According to research by Nicholas Rast, the evolution of the Beddgelert Fault during the mid-Caradocian times involved a complex sequence of geological events. The process began with the deposition of shallow-water Glanrafon Grits, followed by a period of uplift and possible erosion. Subsequently, the Pitt's Head Flow, an ignimbrite, was deposited across the area. The next stage involved faulting and uplift of the Snowdon block to the west and northwest of the fault, which resulted in partial erosion of the Pitt's Head Flow, while much of it remained on the downthrow side. This was followed by the deposition of the Flinty Flow on a subaerial surface, although much of this flow was eroded away in the valley that had formed to the southeast of the fault. Later, lahar (volcanic mud-flow) was deposited in this valley, completely filling it. Further faulting then produced a mechanical junction between the Flinty Flow and the Lahar Series. The entire area was subsequently covered by ignimbrites of the Lower Rhyolitic Tuffs. The final stage in this sequence involved additional faulting and the probable penecontemporaneous (nearly contemporary) injection of the Pitt's Head breccias as vertical bosses.

==Significance==

The Beddgelert Fault is important for several reasons. The fault formed part of a graben system within the collapsed Snowdon caldera structure. It was later a focus for felsic intrusions and hydrothermal activity. The fault and similar large strike faults in Snowdonia (such as along the Nanmor Valley) provide evidence of mid-Ordovician tectonism that predates the main Caledonian orogeny. The Beddgelert Fault and associated structures challenge earlier interpretations of Ordovician stratigraphy in Wales that had been based primarily on a geosyncline model. The identification of subaerial ignimbrites and the unconformable relationships along the fault suggest a more complex palaeogeography with periods of emergence and submergence. The fault helps explain the distribution of different volcanic rock types in Snowdonia. The fault's Caledonoid trend is shared by rhyolite plugs in the Gwynant-Glaslyn Valley and Yr-Arddu syncline, and by stout rhyolite sheets on the northwestern limb of the Snowdon syncline, suggesting a common structural control.
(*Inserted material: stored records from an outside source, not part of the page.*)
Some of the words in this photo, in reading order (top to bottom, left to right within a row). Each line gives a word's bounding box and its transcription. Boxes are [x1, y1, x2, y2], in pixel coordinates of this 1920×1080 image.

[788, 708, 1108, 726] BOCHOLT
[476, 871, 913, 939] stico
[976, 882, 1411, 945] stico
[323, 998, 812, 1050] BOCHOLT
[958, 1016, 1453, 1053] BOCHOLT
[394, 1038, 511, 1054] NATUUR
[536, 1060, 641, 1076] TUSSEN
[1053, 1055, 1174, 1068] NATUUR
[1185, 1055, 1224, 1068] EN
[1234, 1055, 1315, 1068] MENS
The Beddgelert Fault Zone was a primary pathway for hydrothermal fluids during the evolution of the Snowdon caldera. Despite the suitable tectonic setting for volcanogenic massive sulfide deposits, the shallow marine environment (10–200 m water depth) of the Snowdon caldera likely promoted subsurface boiling and the formation of vein-type rather than seafloor mineralization. The fault zone hosts multiple mineral occurrences, including significant deposits at Hafod-y-Porth, Lliwedd, and other localities, which provide insights into ore-forming processes in submarine volcanic environments.